I briefly wondered whether tearing open the machine to find its GPS device and trying to get it to output to something with a screen would be considered resourcefulness worthy of replacing DAWG with an organic or just reckless destruction of a pet Dad had paid good money for, worthy of grounding me when we got back to the station. Knowing Dad, and knowing that I probably did not know enough about the machinery in either DAWG or any of my devices, I figured not destroying the DAWG was a safer bet.
It was still early in the evening, but marching, and knowing I had a whole lot more hiking ahead of me tomorrow and no food on me, left me exhausted. I collapsed in the soft dirt along the river with barely enough energy to curl up into a ball to limit the skin exposed to the bugs.

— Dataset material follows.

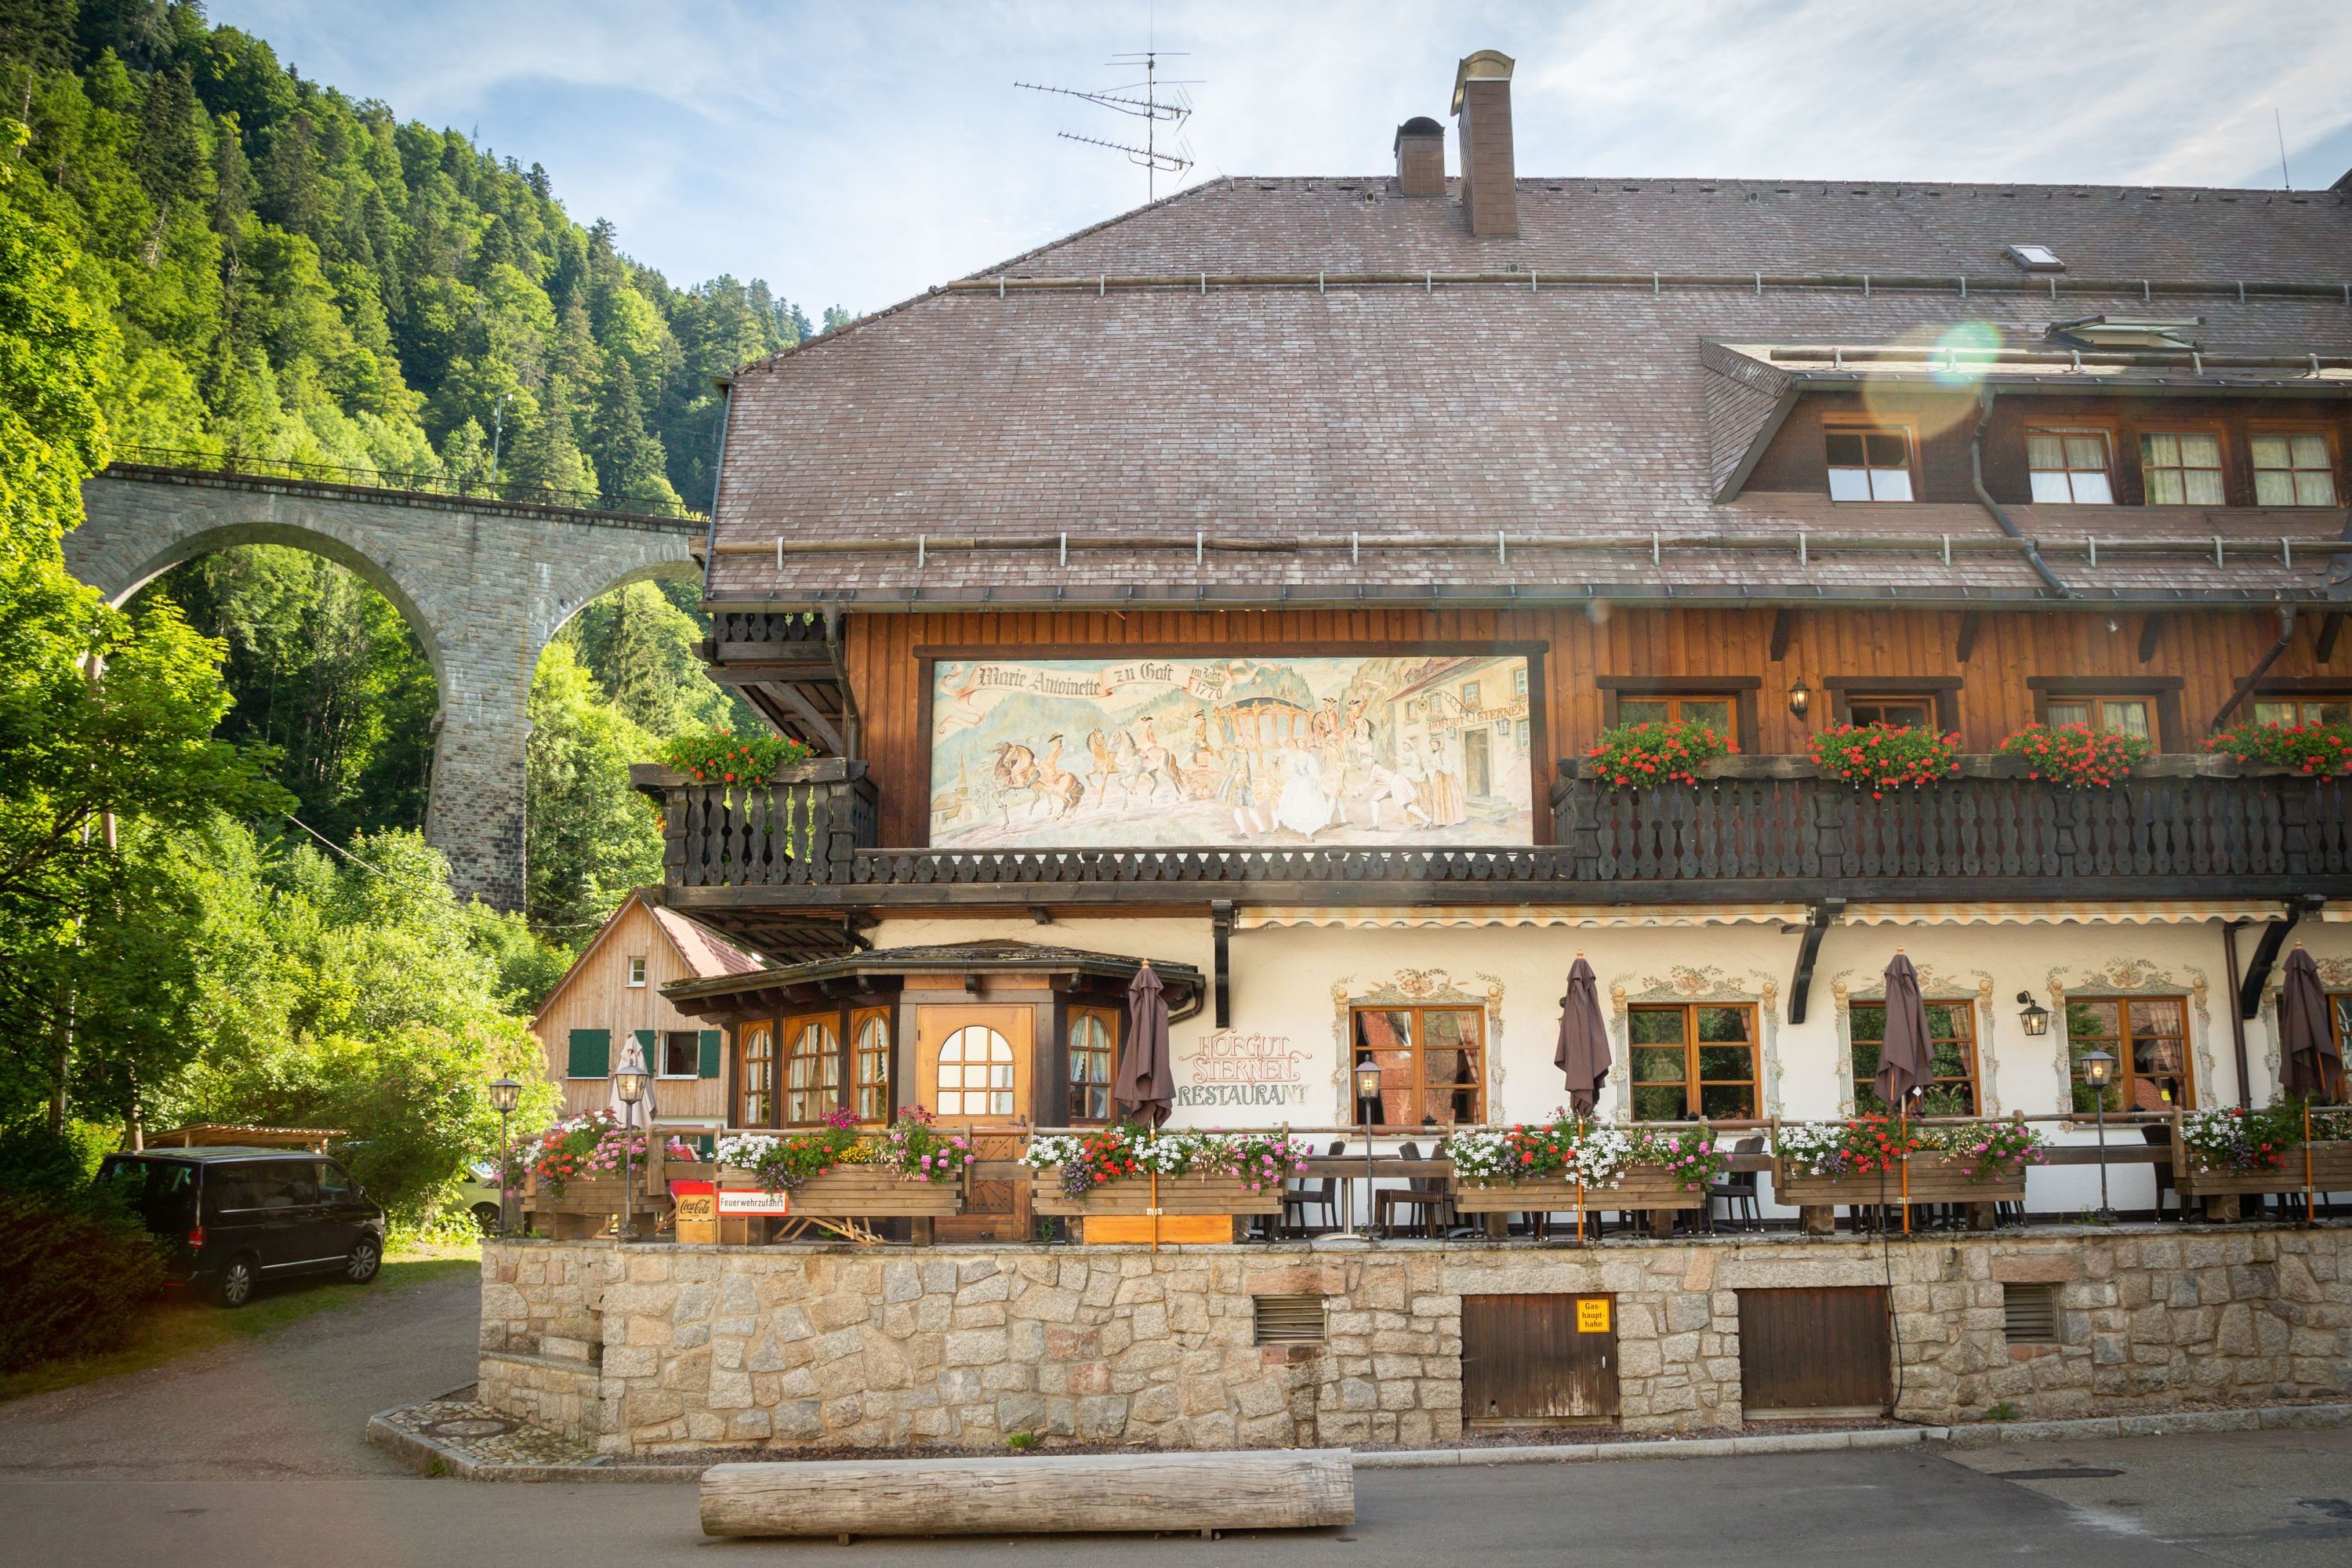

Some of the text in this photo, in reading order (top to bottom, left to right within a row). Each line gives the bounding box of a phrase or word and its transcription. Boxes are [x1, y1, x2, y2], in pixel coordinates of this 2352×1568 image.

The night was far from silent. The jungle was full of noises from bugs and animals and the river, but one noise was absent. I opened my eyes and noticed DAWG lying quietly next to me. Its motors were still and there was no annoying buzzing that night. It looked at me, head cocked, almost like a real dog. Maybe it was the exhaustion and the hunger, but in that gesture, I could almost detect DAWG apologizing for the fact that his motors' noise annoyed me and a desire for acceptance.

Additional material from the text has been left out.